## TASK DESCRIPTION
Please transcribe every entry below exactly, without including the pictures.

*** THE DATA Section Begins ***

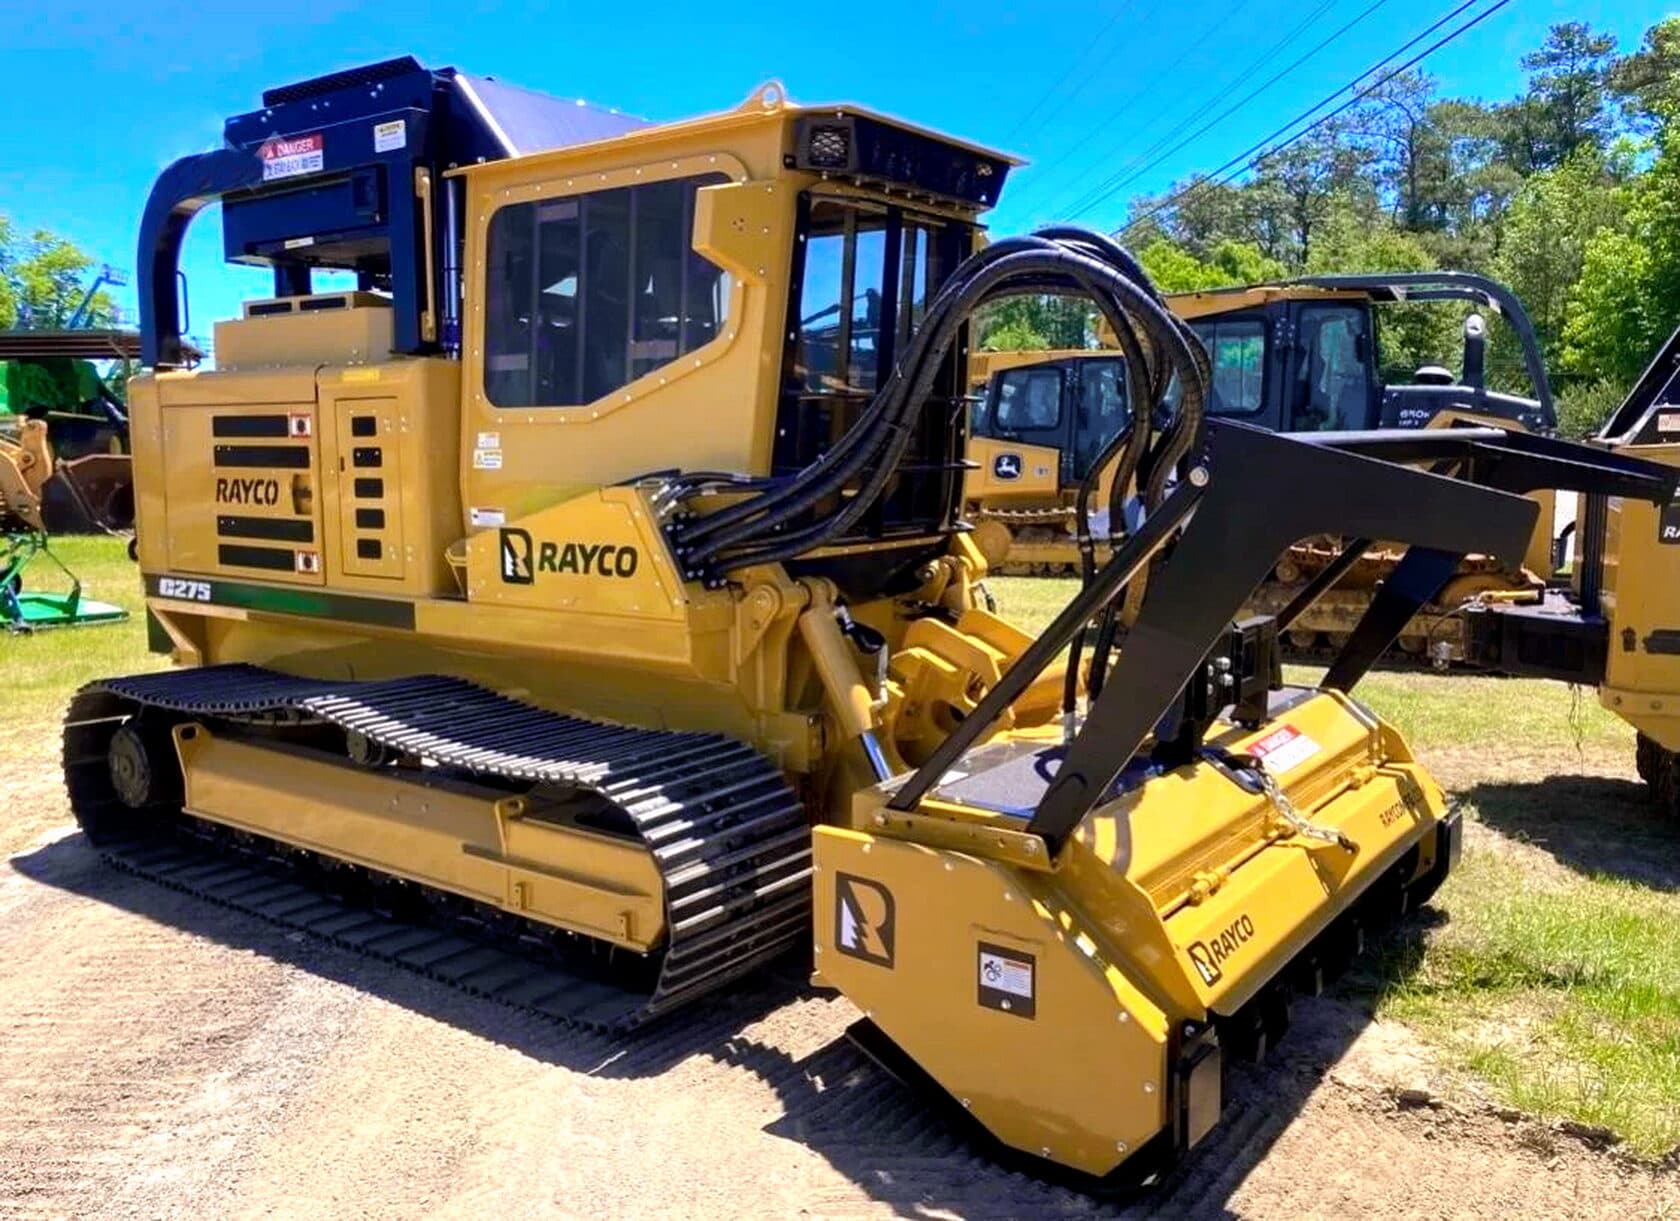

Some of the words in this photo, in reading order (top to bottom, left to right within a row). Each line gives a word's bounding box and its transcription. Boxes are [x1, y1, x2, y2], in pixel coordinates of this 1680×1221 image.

[276, 138, 314, 157] DANGER
[216, 478, 279, 506] RAYCO
[539, 541, 638, 578] RAYCO
[159, 578, 211, 601] C275
[1210, 914, 1255, 965] RAYCO
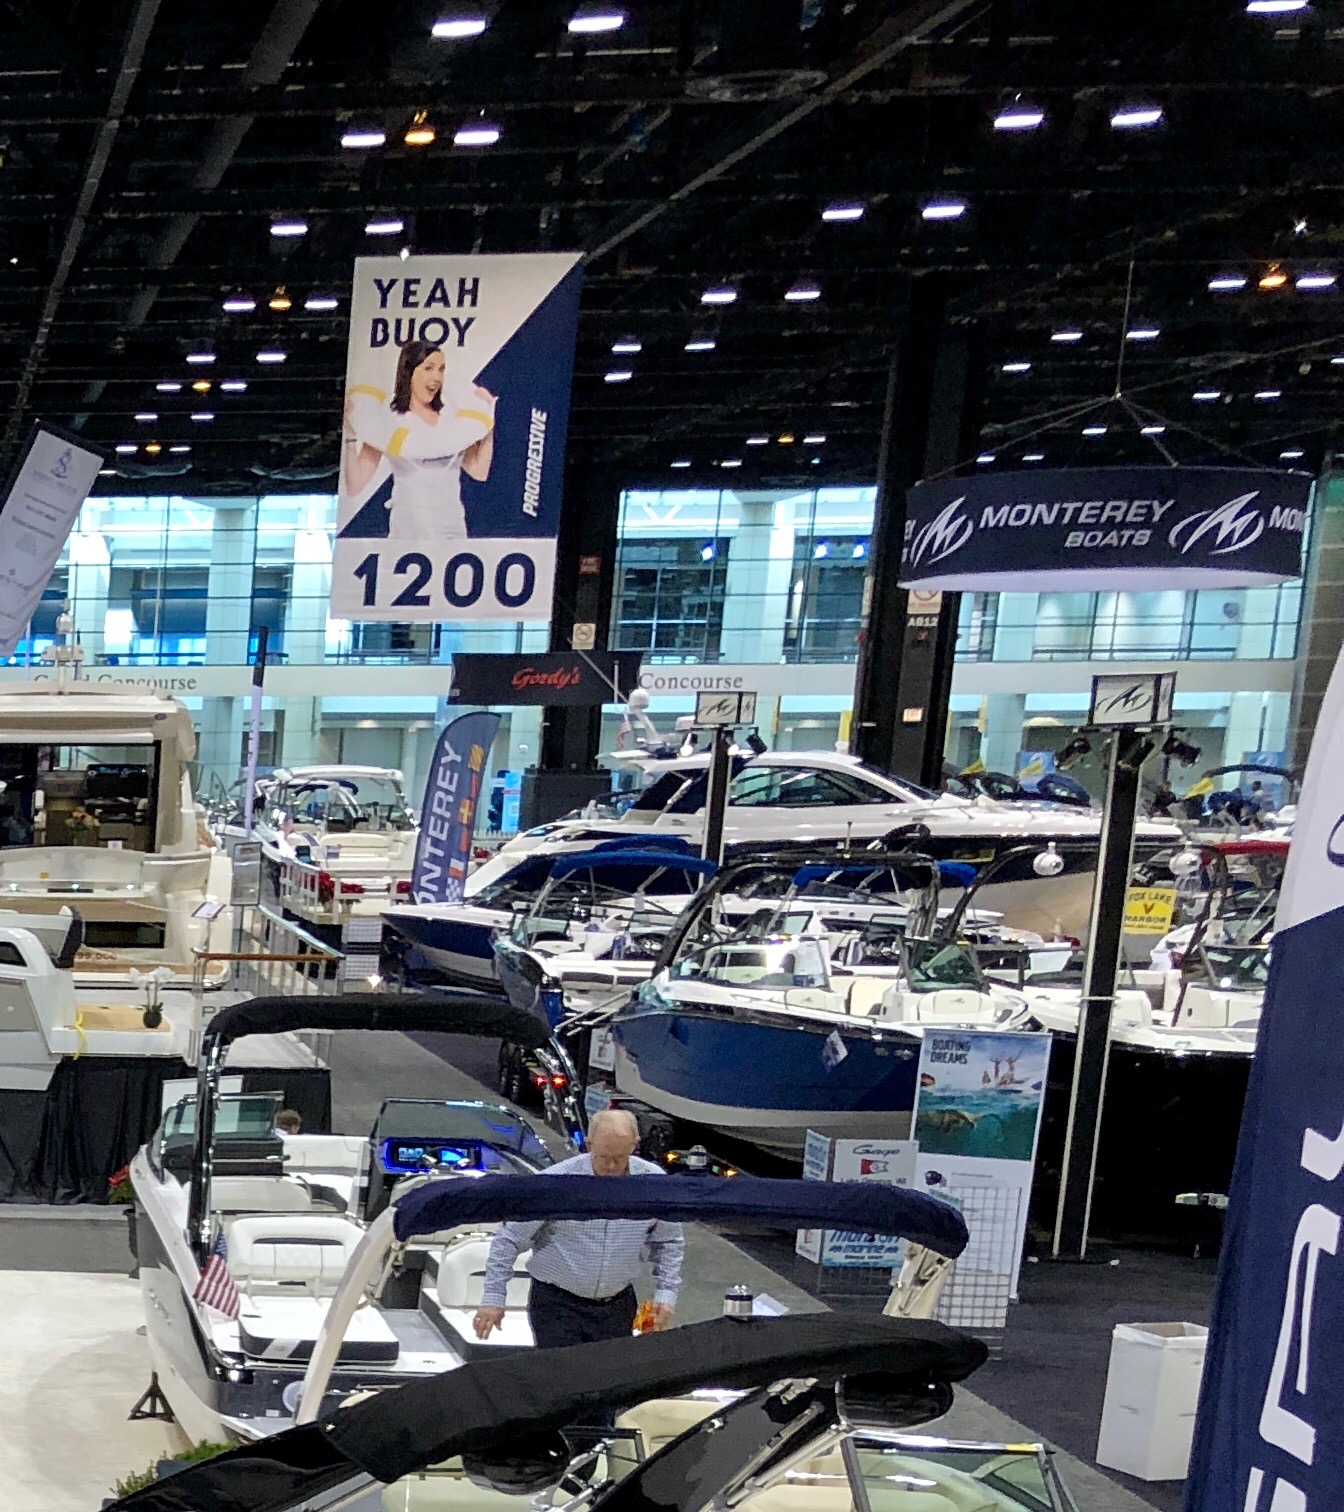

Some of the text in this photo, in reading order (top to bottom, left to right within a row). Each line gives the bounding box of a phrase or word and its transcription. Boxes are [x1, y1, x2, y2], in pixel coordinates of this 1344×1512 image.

[373, 277, 480, 308] YEAH
[370, 316, 476, 348] BUOY
[521, 407, 548, 518] PROGRESSIVE
[979, 498, 1175, 530] MONTEREY
[1064, 529, 1154, 549] BOATS
[352, 551, 536, 608] 1200
[511, 666, 582, 690] Gordy's
[637, 672, 743, 690] Concourse
[929, 1051, 969, 1065] DREAMS
[931, 1038, 971, 1052] BOATING
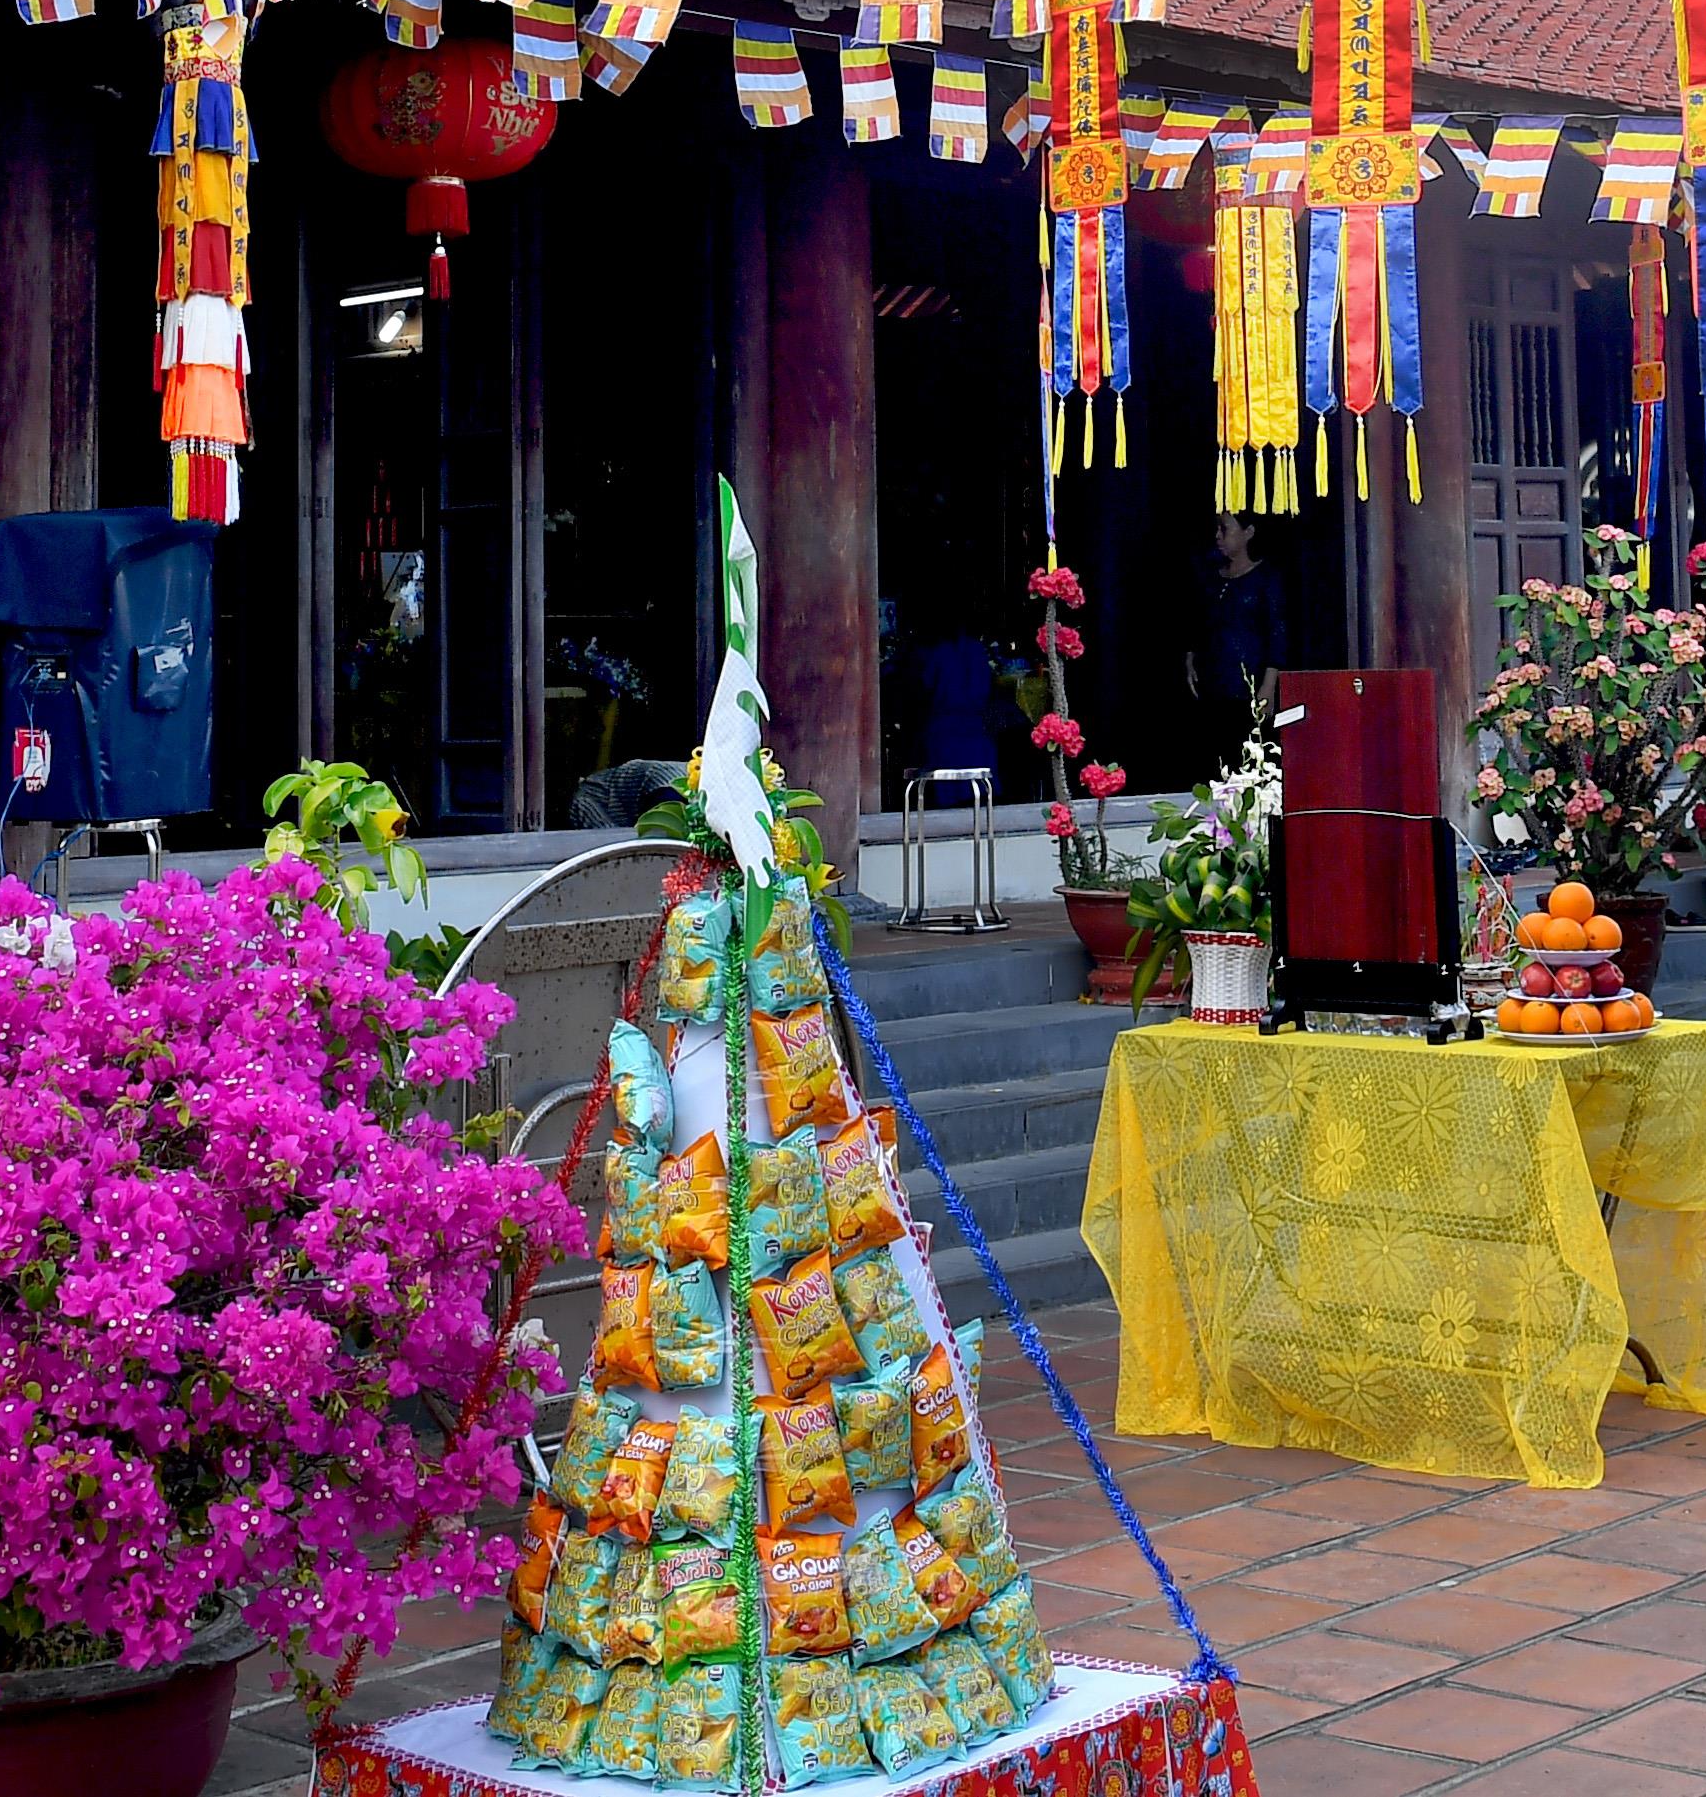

*** THE DATA Section Ends ***

## RESULT OF THE TASK
Some of the words in this photo, in reading order (top to bottom, left to right within a row). Each line gives a word's bounding box and its transcription. Boxes are [x1, y1, x2, y2], in pixel coordinates of this 1680×1221 image.

[276, 138, 314, 157] DANGER
[216, 478, 279, 506] RAYCO
[539, 541, 638, 578] RAYCO
[159, 578, 211, 601] C275
[1210, 914, 1255, 965] RAYCO

Some of the text in this photo, in reading order (top to bottom, left to right within a row). Each line gives the bounding box of a phrase or word and its transcription. Boxes are [x1, y1, x2, y2], in pixel coordinates of this 1344×1512 image.

[373, 277, 480, 308] YEAH
[370, 316, 476, 348] BUOY
[521, 407, 548, 518] PROGRESSIVE
[979, 498, 1175, 530] MONTEREY
[1064, 529, 1154, 549] BOATS
[352, 551, 536, 608] 1200
[511, 666, 582, 690] Gordy's
[637, 672, 743, 690] Concourse
[929, 1051, 969, 1065] DREAMS
[931, 1038, 971, 1052] BOATING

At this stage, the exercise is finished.